We investigate Aβ17-42 protofibril structures in solution using molecular dynamics simulations. Recently, NMR and computations modeled the Aβ protofibril as a longitudinal stack of U-shaped molecules, creating an in-parallel β-sheet and loop spine. Here we study the molecular architecture of the fibril formed by spine-spine association. We model in-register intermolecular β-sheet–β-sheet associations and study the consequences of Alzheimer's mutations (E22G, E22Q, E22K, and M35A) on the organization. We assess the structural stability and association force of Aβ oligomers with different sheet-sheet interfaces. Double-layered oligomers associating through the C-terminal–C-terminal interface are energetically more favorable than those with the N-terminal–N-terminal interface, although both interfaces exhibit high structural stability. The C-terminal–C-terminal interface is essentially stabilized by hydrophobic and van der Waals (shape complementarity via M35-M35 contacts) intermolecular interactions, whereas the N-terminal–N-terminal interface is stabilized by hydrophobic and electrostatic interactions. Hence, shape complementarity, or the “steric zipper” motif plays an important role in amyloid formation. On the other hand, the intramolecular Aβ β-strand-loop-β-strand U-shaped motif creates a hydrophobic cavity with a diameter of 6–7 Å, allowing water molecules and ions to conduct through.
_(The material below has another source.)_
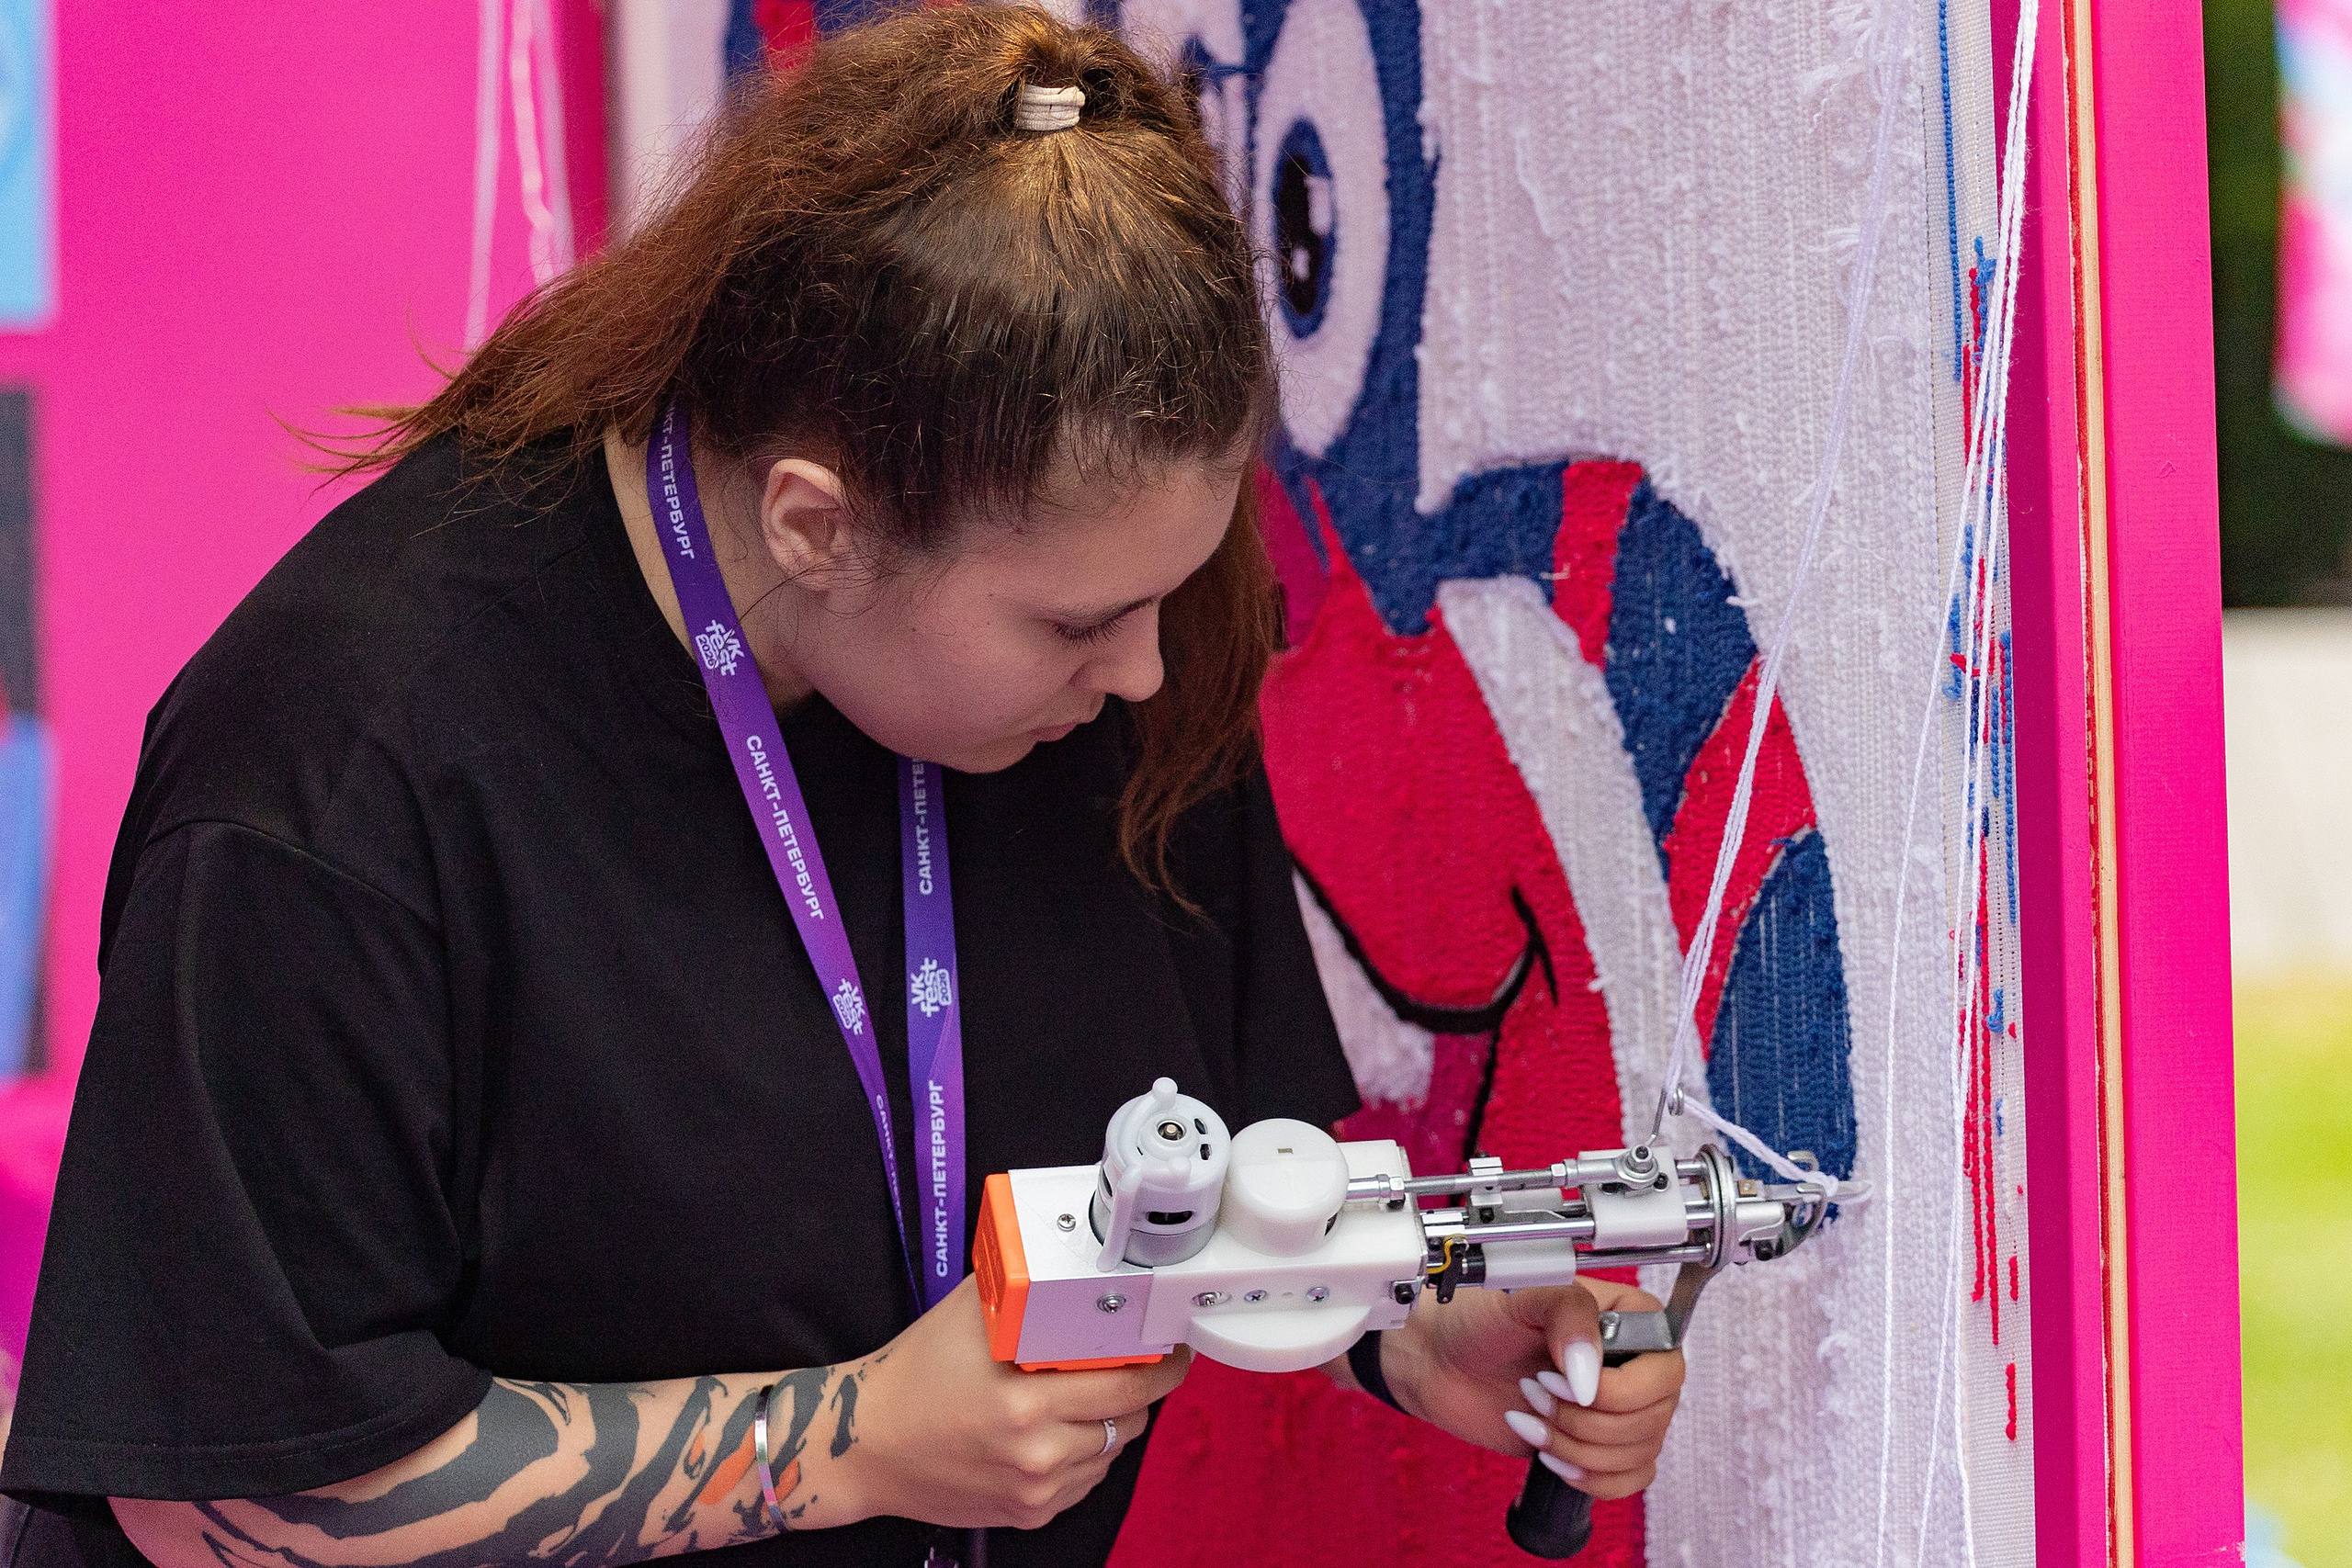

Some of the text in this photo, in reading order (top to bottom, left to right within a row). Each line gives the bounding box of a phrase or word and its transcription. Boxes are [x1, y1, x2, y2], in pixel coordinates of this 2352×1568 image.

The hydrated hydrophobic cavities may allow optimization of the sheet association and constitute a typical feature of fibrils, in addition to the tight sheet-sheet association. Thus, we propose that Aβ fiber architecture consists of alternating layers of tight packing and hydrated cavities running along the fibrillar axis, which might be possibly detected by high-resolution imaging.